Nach unserer Lagebesprechung beim Frühstück des folgenden Tages, beschließen wir die Tour abzubrechen. Zu groß ist das Risiko einer Kenterung mitten auf den Seen, sowie die Strapazen, bei Gegenwind mit vollbeladenen Booten zu paddeln. Im Windschatten kämpfen wir uns bis zur nächsten Ansiedlung, um von dort aus unsere Autos nachzuholen. Wir haben Glück und erreichen gerade noch rechtzeitig an einer Bushaltestelle den Linienbus, der uns auf direktem Weg nach Rheinsberg zu unserem Fahrzeug bringt. Schnell ist das andere Fahrzeug in Weinsberg nachgeholt, die Boote nebst Gepäck verladen und zu unserem neuen Standquartier bei Rheinsberg gefahren.

Unser neuer Campingplatz liegt idyllisch auf der Halbinsel am Schlabornsee und verfügt sogar über eine Dusche mit warmen Wasser und WC. Wir finden einen schönen Platz direkt am Wasser gelegen und für den kleinen Dimitri einen Spielplatz am anderen Seeufer in Zechlinerhütte. Das war mal was anderes: Die Großen paddeln ihn zum Spielplatz!
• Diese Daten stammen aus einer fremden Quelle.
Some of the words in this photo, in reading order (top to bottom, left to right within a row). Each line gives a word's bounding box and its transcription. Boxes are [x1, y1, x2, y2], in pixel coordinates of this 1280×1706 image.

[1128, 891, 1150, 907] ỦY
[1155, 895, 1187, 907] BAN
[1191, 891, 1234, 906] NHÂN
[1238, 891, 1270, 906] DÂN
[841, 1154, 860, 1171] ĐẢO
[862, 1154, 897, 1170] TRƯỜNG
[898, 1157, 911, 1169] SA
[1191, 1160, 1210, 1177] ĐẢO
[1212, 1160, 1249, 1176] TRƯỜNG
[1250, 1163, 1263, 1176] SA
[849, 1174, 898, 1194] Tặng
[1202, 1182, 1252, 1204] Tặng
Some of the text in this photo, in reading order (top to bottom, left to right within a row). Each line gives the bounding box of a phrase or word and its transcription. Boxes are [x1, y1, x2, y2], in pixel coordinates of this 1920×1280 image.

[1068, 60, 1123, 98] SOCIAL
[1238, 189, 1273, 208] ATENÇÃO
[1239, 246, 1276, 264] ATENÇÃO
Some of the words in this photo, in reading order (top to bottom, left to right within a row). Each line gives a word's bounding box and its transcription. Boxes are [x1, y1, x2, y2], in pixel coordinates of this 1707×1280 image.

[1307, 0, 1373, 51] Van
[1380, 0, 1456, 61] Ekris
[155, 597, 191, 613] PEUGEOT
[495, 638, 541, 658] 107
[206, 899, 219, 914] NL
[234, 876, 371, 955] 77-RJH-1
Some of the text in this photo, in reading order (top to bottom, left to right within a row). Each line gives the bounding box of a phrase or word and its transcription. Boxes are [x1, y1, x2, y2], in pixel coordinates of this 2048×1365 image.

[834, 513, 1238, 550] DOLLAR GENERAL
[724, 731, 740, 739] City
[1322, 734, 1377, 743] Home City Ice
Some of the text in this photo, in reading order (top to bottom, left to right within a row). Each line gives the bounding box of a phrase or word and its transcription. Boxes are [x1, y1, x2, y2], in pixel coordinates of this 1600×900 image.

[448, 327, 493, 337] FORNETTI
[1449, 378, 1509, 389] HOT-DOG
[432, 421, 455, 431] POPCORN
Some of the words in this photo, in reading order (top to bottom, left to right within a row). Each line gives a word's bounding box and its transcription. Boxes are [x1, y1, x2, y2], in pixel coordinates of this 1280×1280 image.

Am folgenden Tag sehen wir uns Rheinsberg an. Der „Alte Fritz“ soll in Rheinsberg die glücklichsten Jahre seines Lebens verbracht haben. Theodor Fontane zeigte sich von der Schönheit der Stadt und ihrer Umgebung beeindruckt und huldigte ihr in seinen „Wanderungen durch die Mark Brandenburg“ und im „Stechlin“. Schließlich wählte Kurt Tucholsky Rheinsberg zum romantischen Schauplatz für seinen Bestseller, das „Bilderbuch für Verliebte“. Das Zentrum Rheinsbergs bilden der Marktplatz und der sog. Triangelplatz, der vorbei am Marstall und über einen mit Seerosen bewachsenen Wassergraben die Verbindung zur Hauptattraktion Rheinsbergs herstellt: Schloß Rheinsberg. 300000 Taler kosteten Friedrich Wilhelm I. in den Jahren 1734 – 39 Erwerb und Umbau des Renaissance- Wasserschlosses für seinen Sohn, den jungen Friedrich. „Mein Sanssouci“ nannte der Kronprinz sein Refugium. Originalbestandteile des früheren Schlosses blieben im Kern erhalten. 1736 bezog der Kronprinz das sich an die Bucht des Grienericksees anschmiegende Schloßterrain. „Friedrich zu eigen, der hier die Muße pflegte, 1739“, verrät die Widmungsinschrift über dem Schloßportal.

Nach einem Spaziergang durch den Schloßpark machen wir einen Einkaufsbummel und später vergnügen wir uns auf dem Rummelplatz, der so aussieht, als wäre er in den Fünfziger Jahren hier vergessen worden.

Am nächsten Tag geht es wieder aufs Wasser. Diesmal wollen wir auf dem Rhin paddeln, einem kleinen Flüßchen mit vielen Kurven und klarem Wasser. In Rheinshausen und Zippelsförde treffen wir bekannte Kanuten aus Kassel und Bad Hersfeld. Nach einem gemeinschaftlichen Foto teilen sich unsere Wege aber wieder. Unterwegs am Rhin sehen wir einen Seeadler und viele Eisvögel. Eine Ricke mit ihrem Kitz duckt sich hinter dem Gebüsch nahe am Ufer, um nicht von uns gesehen zu werden. Wir finden den Rhin sehr schön und einige von uns befahren ihn am darauffolgenden Tag noch einmal.

Früher als geplant treten wir danach die Heimreise an, denn unser „Kenterrollenspezi“ hat Mumps bekommen. Wir machen noch einen Tag in der Lüneburger Heide, in Müden an der Örtze, Rast, und kommen Donnerstagabend wieder zu Hause an.